• Problem to work on:
Print out the entries that follow exactly, missing none.

Segment Start: Supplied records

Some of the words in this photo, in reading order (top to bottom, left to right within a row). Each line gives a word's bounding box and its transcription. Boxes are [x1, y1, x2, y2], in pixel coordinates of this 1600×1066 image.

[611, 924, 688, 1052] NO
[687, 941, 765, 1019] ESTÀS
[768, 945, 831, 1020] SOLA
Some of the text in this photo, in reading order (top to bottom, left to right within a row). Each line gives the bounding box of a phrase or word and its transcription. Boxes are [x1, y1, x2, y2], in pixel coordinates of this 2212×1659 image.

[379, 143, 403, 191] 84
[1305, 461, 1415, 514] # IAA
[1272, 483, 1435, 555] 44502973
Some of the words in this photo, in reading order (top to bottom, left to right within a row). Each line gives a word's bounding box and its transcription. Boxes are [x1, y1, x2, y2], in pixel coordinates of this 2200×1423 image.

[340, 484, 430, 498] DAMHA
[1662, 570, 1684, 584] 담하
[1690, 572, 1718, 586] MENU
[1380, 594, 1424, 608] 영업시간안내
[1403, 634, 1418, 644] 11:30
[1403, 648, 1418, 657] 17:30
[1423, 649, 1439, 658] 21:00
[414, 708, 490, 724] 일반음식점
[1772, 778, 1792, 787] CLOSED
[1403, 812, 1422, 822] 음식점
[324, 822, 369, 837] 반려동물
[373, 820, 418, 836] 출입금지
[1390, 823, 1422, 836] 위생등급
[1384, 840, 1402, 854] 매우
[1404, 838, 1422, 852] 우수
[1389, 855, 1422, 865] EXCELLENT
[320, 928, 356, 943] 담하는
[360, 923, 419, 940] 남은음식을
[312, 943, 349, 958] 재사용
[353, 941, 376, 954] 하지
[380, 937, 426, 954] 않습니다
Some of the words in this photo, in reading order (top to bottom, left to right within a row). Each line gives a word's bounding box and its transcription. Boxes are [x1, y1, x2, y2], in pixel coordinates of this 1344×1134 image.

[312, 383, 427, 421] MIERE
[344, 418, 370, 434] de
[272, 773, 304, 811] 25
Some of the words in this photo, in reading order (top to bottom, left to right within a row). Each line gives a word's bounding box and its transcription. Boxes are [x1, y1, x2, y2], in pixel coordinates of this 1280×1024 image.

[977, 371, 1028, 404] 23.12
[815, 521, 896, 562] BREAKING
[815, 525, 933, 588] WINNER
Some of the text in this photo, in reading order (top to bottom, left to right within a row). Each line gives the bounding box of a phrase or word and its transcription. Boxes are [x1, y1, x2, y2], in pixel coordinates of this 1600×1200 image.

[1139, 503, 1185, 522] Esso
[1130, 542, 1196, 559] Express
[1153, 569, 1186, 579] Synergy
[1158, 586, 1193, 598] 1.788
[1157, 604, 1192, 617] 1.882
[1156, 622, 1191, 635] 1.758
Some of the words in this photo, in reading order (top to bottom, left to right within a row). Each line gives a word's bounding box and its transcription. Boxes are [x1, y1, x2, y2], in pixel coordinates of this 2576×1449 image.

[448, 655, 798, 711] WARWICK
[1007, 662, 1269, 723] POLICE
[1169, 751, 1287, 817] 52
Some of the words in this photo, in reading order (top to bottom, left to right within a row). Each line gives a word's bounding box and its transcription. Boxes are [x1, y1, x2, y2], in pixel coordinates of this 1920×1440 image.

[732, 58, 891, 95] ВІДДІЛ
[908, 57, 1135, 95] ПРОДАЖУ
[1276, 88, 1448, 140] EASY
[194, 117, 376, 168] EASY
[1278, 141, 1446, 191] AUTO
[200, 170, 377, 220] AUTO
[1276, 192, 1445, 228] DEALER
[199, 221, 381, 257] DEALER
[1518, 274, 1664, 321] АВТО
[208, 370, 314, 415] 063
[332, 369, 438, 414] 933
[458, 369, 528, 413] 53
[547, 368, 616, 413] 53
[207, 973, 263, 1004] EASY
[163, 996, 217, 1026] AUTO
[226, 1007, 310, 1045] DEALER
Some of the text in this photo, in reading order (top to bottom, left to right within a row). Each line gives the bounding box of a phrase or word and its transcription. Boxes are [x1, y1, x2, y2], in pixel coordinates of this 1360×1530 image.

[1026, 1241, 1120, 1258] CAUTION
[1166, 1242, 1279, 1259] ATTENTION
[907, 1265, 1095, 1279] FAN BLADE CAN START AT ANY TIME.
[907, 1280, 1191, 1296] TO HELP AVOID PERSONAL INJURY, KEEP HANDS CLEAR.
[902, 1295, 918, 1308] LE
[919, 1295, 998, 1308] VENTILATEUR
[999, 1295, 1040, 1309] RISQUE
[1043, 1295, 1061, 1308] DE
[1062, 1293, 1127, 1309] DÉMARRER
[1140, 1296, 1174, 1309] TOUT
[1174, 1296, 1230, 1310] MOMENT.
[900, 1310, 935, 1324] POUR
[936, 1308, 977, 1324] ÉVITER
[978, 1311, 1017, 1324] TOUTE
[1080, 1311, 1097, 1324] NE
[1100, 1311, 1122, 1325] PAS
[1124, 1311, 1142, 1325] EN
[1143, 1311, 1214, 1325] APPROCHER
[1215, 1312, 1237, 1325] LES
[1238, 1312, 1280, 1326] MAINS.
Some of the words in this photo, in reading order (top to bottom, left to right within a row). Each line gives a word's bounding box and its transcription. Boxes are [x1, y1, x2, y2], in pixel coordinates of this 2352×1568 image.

Segment End: Supplied records

• Result for this exercise:
Some of the words in this photo, in reading order (top to bottom, left to right within a row). Each line gives a word's bounding box and its transcription. Boxes are [x1, y1, x2, y2], in pixel coordinates of this 1600×1066 image.

[611, 924, 688, 1052] NO
[687, 941, 765, 1019] ESTÀS
[768, 945, 831, 1020] SOLA
Some of the text in this photo, in reading order (top to bottom, left to right within a row). Each line gives the bounding box of a phrase or word and its transcription. Boxes are [x1, y1, x2, y2], in pixel coordinates of this 2212×1659 image.

[379, 143, 403, 191] 84
[1305, 461, 1415, 514] # IAA
[1272, 483, 1435, 555] 44502973
Some of the words in this photo, in reading order (top to bottom, left to right within a row). Each line gives a word's bounding box and its transcription. Boxes are [x1, y1, x2, y2], in pixel coordinates of this 2200×1423 image.

[340, 484, 430, 498] DAMHA
[1662, 570, 1684, 584] 담하
[1690, 572, 1718, 586] MENU
[1380, 594, 1424, 608] 영업시간안내
[1403, 634, 1418, 644] 11:30
[1403, 648, 1418, 657] 17:30
[1423, 649, 1439, 658] 21:00
[414, 708, 490, 724] 일반음식점
[1772, 778, 1792, 787] CLOSED
[1403, 812, 1422, 822] 음식점
[324, 822, 369, 837] 반려동물
[373, 820, 418, 836] 출입금지
[1390, 823, 1422, 836] 위생등급
[1384, 840, 1402, 854] 매우
[1404, 838, 1422, 852] 우수
[1389, 855, 1422, 865] EXCELLENT
[320, 928, 356, 943] 담하는
[360, 923, 419, 940] 남은음식을
[312, 943, 349, 958] 재사용
[353, 941, 376, 954] 하지
[380, 937, 426, 954] 않습니다
Some of the words in this photo, in reading order (top to bottom, left to right within a row). Each line gives a word's bounding box and its transcription. Boxes are [x1, y1, x2, y2], in pixel coordinates of this 1344×1134 image.

[312, 383, 427, 421] MIERE
[344, 418, 370, 434] de
[272, 773, 304, 811] 25
Some of the words in this photo, in reading order (top to bottom, left to right within a row). Each line gives a word's bounding box and its transcription. Boxes are [x1, y1, x2, y2], in pixel coordinates of this 1280×1024 image.

[977, 371, 1028, 404] 23.12
[815, 521, 896, 562] BREAKING
[815, 525, 933, 588] WINNER
Some of the text in this photo, in reading order (top to bottom, left to right within a row). Each line gives the bounding box of a phrase or word and its transcription. Boxes are [x1, y1, x2, y2], in pixel coordinates of this 1600×1200 image.

[1139, 503, 1185, 522] Esso
[1130, 542, 1196, 559] Express
[1153, 569, 1186, 579] Synergy
[1158, 586, 1193, 598] 1.788
[1157, 604, 1192, 617] 1.882
[1156, 622, 1191, 635] 1.758
Some of the words in this photo, in reading order (top to bottom, left to right within a row). Each line gives a word's bounding box and its transcription. Boxes are [x1, y1, x2, y2], in pixel coordinates of this 2576×1449 image.

[448, 655, 798, 711] WARWICK
[1007, 662, 1269, 723] POLICE
[1169, 751, 1287, 817] 52
Some of the words in this photo, in reading order (top to bottom, left to right within a row). Each line gives a word's bounding box and its transcription. Boxes are [x1, y1, x2, y2], in pixel coordinates of this 1920×1440 image.

[732, 58, 891, 95] ВІДДІЛ
[908, 57, 1135, 95] ПРОДАЖУ
[1276, 88, 1448, 140] EASY
[194, 117, 376, 168] EASY
[1278, 141, 1446, 191] AUTO
[200, 170, 377, 220] AUTO
[1276, 192, 1445, 228] DEALER
[199, 221, 381, 257] DEALER
[1518, 274, 1664, 321] АВТО
[208, 370, 314, 415] 063
[332, 369, 438, 414] 933
[458, 369, 528, 413] 53
[547, 368, 616, 413] 53
[207, 973, 263, 1004] EASY
[163, 996, 217, 1026] AUTO
[226, 1007, 310, 1045] DEALER
Some of the text in this photo, in reading order (top to bottom, left to right within a row). Each line gives the bounding box of a phrase or word and its transcription. Boxes are [x1, y1, x2, y2], in pixel coordinates of this 1360×1530 image.

[1026, 1241, 1120, 1258] CAUTION
[1166, 1242, 1279, 1259] ATTENTION
[907, 1265, 1095, 1279] FAN BLADE CAN START AT ANY TIME.
[907, 1280, 1191, 1296] TO HELP AVOID PERSONAL INJURY, KEEP HANDS CLEAR.
[902, 1295, 918, 1308] LE
[919, 1295, 998, 1308] VENTILATEUR
[999, 1295, 1040, 1309] RISQUE
[1043, 1295, 1061, 1308] DE
[1062, 1293, 1127, 1309] DÉMARRER
[1140, 1296, 1174, 1309] TOUT
[1174, 1296, 1230, 1310] MOMENT.
[900, 1310, 935, 1324] POUR
[936, 1308, 977, 1324] ÉVITER
[978, 1311, 1017, 1324] TOUTE
[1080, 1311, 1097, 1324] NE
[1100, 1311, 1122, 1325] PAS
[1124, 1311, 1142, 1325] EN
[1143, 1311, 1214, 1325] APPROCHER
[1215, 1312, 1237, 1325] LES
[1238, 1312, 1280, 1326] MAINS.
Some of the words in this photo, in reading order (top to bottom, left to right within a row). Each line gives a word's bounding box and its transcription. Boxes are [x1, y1, x2, y2], in pixel coordinates of this 2352×1568 image.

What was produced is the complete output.